Macrobiotic Composition: Kale, Quinoa, and Kimpira
For the Kale:
In a bowl, mix the sesame paste with the miso. Stir or whisk to blend completely. Taste, and if it seems too sweet, adjust the seasoning with the salt. Blend again until smooth. Thin the mixture with some the stock, one spoonful at a time. In boiling salted water, blanch the kale for 2-3 minutes. Place on a paper towel and let it dry. In the same pot, blanche the Brussels sprouts for 5 minutes and shock in an ice water bath. Add the roasted pecans and the vegetables to the sweet miso paste and mix together.
For the Quinoa:
Put the quinoa, amaranth, ginger, and baby carrots and water in a large pot and bring to a boil, then reduce heat and simmer, covered, for 20 minutes. Add tofu and season with salt, pepper, and herbs.
For the Kimpira:
In a large skillet or wok, heat the vegetable oil and sesame oil. When it’s hot, sprinkle in the sesame seeds and cook, stirring, for about 1 minute. Drain the burdock and add it and the carrots to the pan.

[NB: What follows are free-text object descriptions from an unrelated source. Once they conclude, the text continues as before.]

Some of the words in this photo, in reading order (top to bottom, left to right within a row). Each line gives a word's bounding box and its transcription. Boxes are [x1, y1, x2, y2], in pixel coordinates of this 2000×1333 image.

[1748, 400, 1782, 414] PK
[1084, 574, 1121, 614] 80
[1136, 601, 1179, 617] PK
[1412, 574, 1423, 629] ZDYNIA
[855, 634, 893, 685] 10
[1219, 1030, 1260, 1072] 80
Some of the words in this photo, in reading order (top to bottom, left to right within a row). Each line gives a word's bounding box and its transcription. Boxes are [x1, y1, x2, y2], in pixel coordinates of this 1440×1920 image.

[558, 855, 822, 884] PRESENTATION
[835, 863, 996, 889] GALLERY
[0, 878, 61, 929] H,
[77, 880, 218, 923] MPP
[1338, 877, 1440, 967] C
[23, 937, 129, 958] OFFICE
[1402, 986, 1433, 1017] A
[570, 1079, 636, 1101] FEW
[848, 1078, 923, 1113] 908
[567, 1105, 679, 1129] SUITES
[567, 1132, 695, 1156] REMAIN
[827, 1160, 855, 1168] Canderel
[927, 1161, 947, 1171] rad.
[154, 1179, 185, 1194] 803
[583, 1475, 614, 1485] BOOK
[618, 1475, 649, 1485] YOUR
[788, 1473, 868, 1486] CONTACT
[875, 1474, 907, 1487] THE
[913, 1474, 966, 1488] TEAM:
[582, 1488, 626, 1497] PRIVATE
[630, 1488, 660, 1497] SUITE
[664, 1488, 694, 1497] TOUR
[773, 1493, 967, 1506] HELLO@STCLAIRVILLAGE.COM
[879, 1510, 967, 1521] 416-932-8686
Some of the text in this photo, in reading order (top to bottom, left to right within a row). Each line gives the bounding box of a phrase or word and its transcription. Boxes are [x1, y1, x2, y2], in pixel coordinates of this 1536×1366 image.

Cook and stir over medium high heat for about five to seven minutes. Add the soy sauce and continue stir-frying. If you wish, add the dashi and water and continue stir-frying until liquid has evaporated. The burdock will change color from milky white to shiny gray-brown. It will be crisp, crunchy, earthy, and delicious.
To Assemble and Serve:
Plate as individual components on a single square plate.